**EXERCISE OBJECTIVE**
In your copy, include no images, and write out every entry below exactly as it stands.

**Collected data**
***
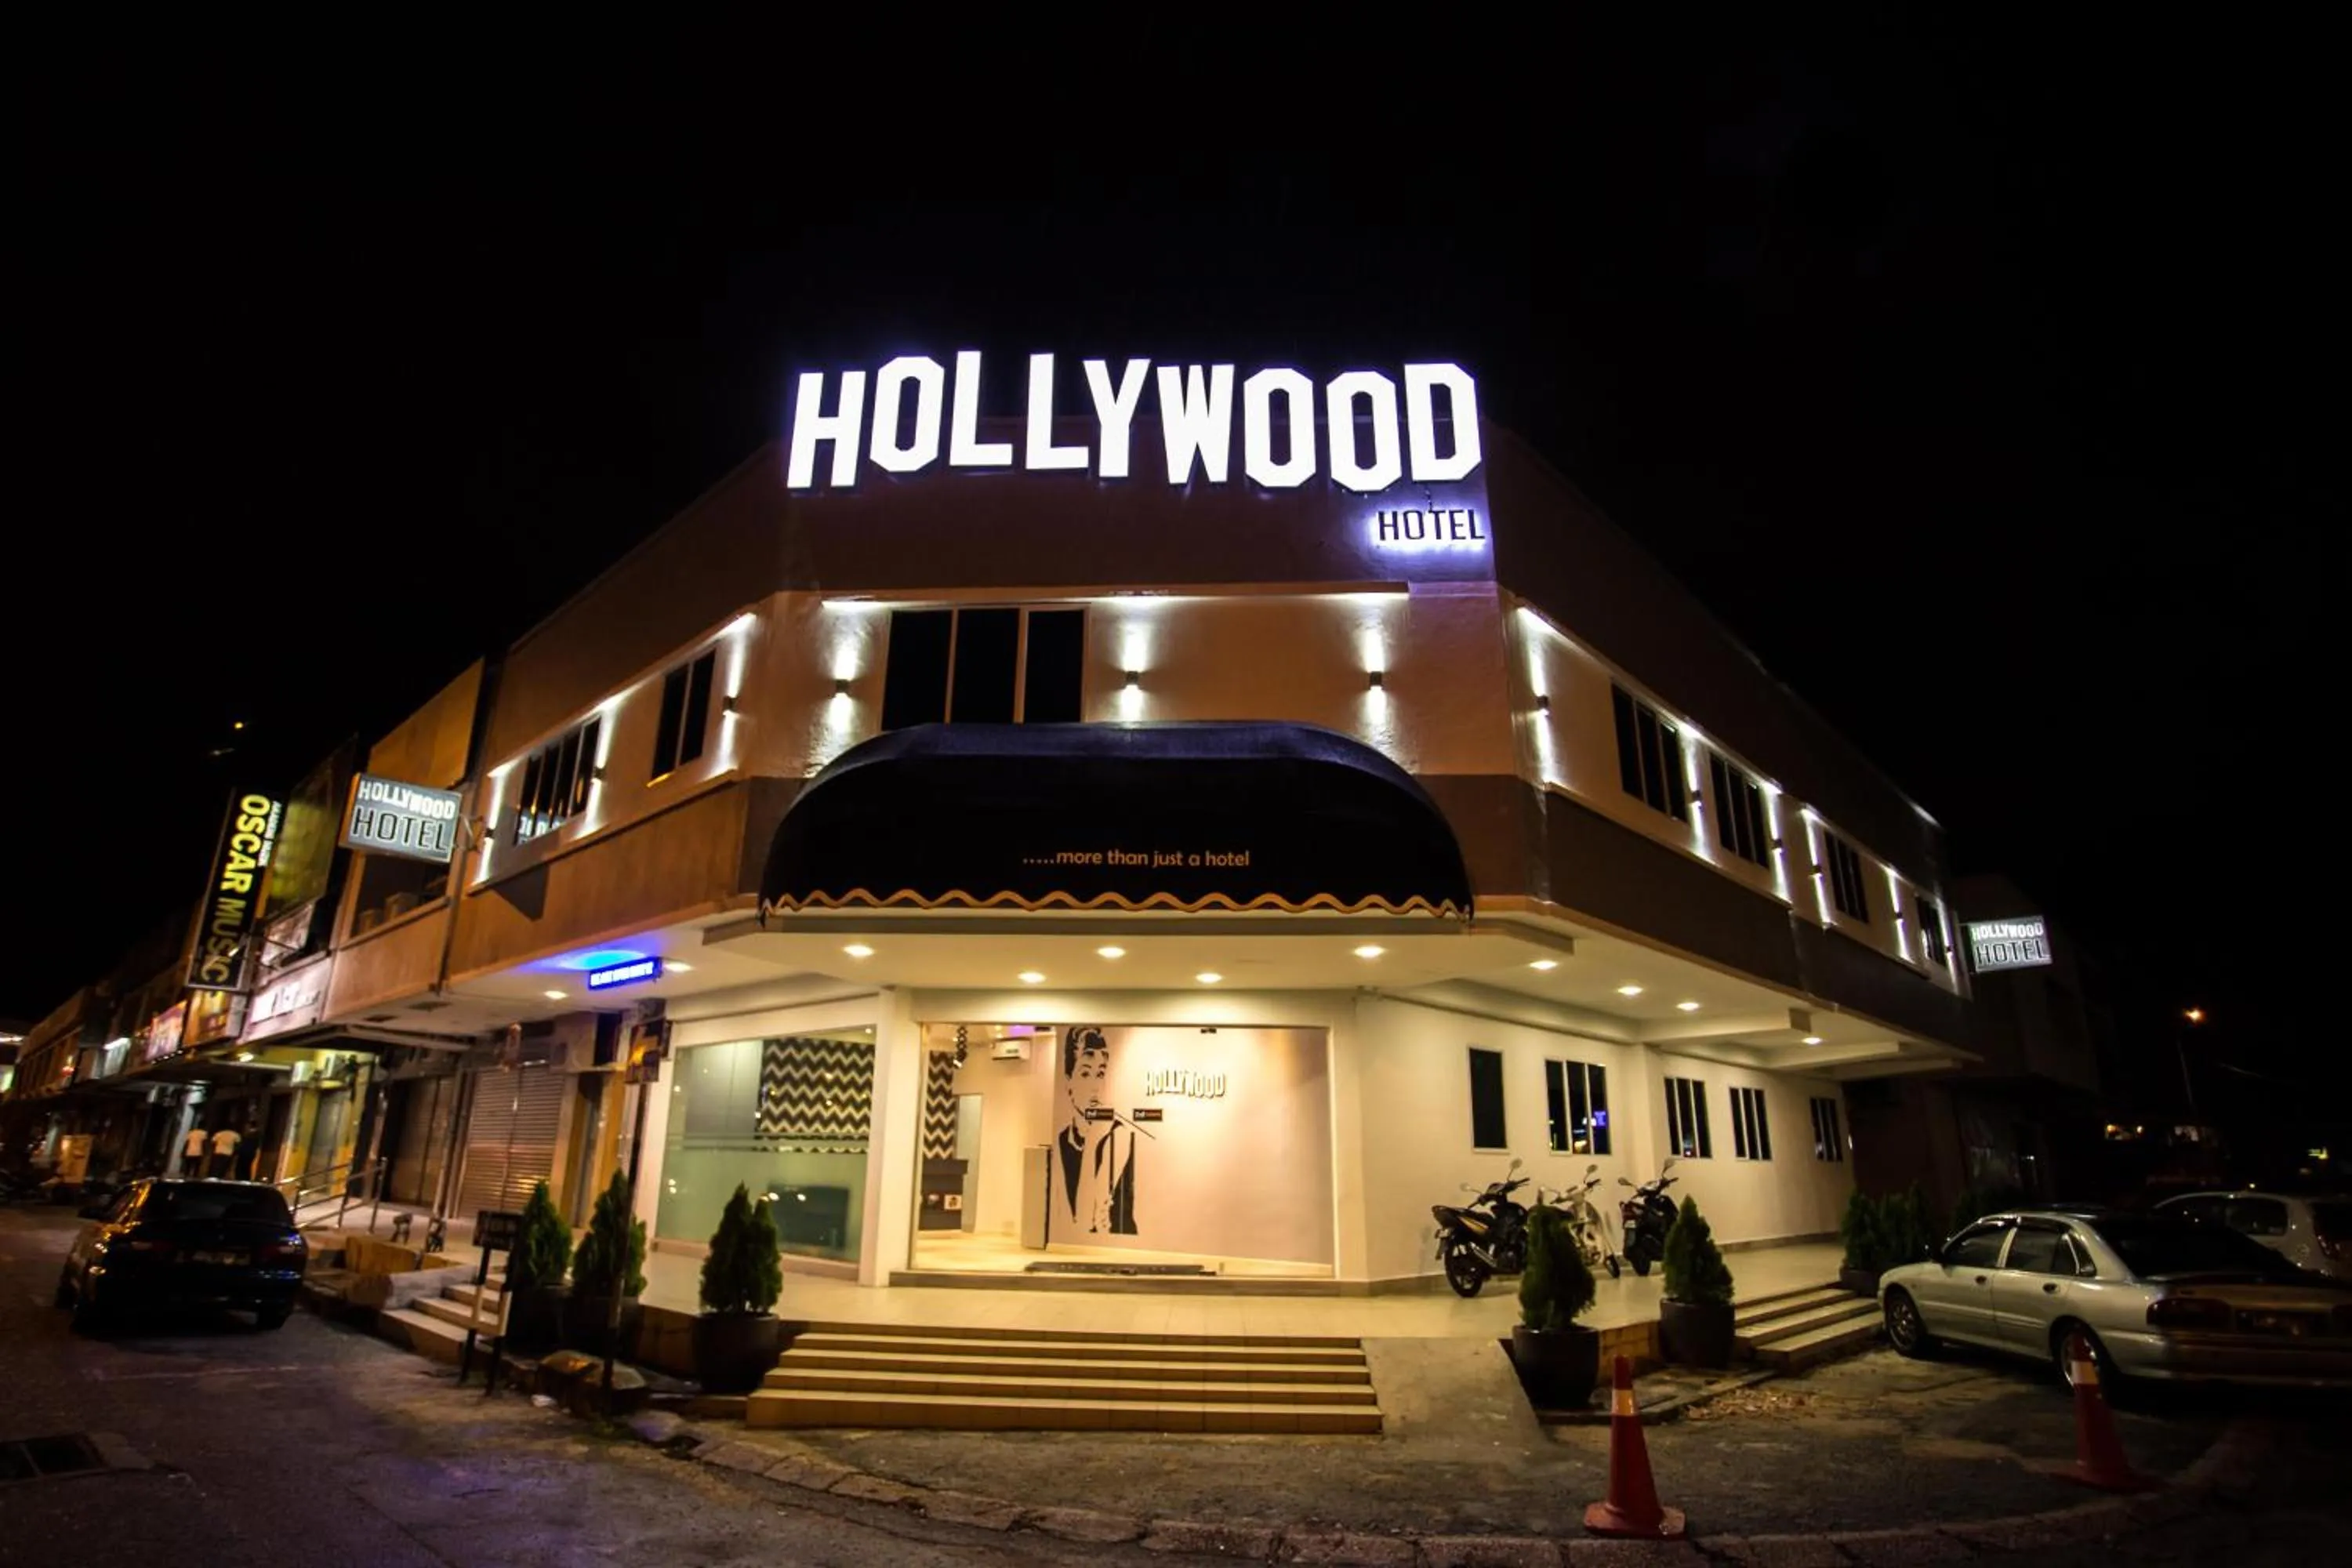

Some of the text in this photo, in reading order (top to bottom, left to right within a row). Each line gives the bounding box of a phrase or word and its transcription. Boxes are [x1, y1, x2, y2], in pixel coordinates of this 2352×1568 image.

[786, 350, 1482, 492] HOLLYWOOD
[1377, 509, 1486, 541] HOTEL
[358, 780, 456, 821] HOLLYWOOD
[220, 794, 270, 895] OSCAR
[352, 806, 448, 852] HOTEL
[1107, 849, 1149, 866] than
[1152, 850, 1183, 869] just
[1189, 853, 1200, 866] a
[1206, 850, 1250, 866] hotel
[201, 897, 247, 983] MUSIC
[1971, 922, 2045, 942] HOLLYWOOD
[1976, 939, 2051, 965] HOTEL
[1145, 1069, 1226, 1099] HOLLYWOOD
***
**SOLUTION TO THIS EXERCISE**
Some of the text in this photo, in reading order (top to bottom, left to right within a row). Each line gives the bounding box of a phrase or word and its transcription. Boxes are [x1, y1, x2, y2], in pixel coordinates of this 2352×1568 image.

[786, 350, 1482, 492] HOLLYWOOD
[1377, 509, 1486, 541] HOTEL
[358, 780, 456, 821] HOLLYWOOD
[220, 794, 270, 895] OSCAR
[352, 806, 448, 852] HOTEL
[1107, 849, 1149, 866] than
[1152, 850, 1183, 869] just
[1189, 853, 1200, 866] a
[1206, 850, 1250, 866] hotel
[201, 897, 247, 983] MUSIC
[1971, 922, 2045, 942] HOLLYWOOD
[1976, 939, 2051, 965] HOTEL
[1145, 1069, 1226, 1099] HOLLYWOOD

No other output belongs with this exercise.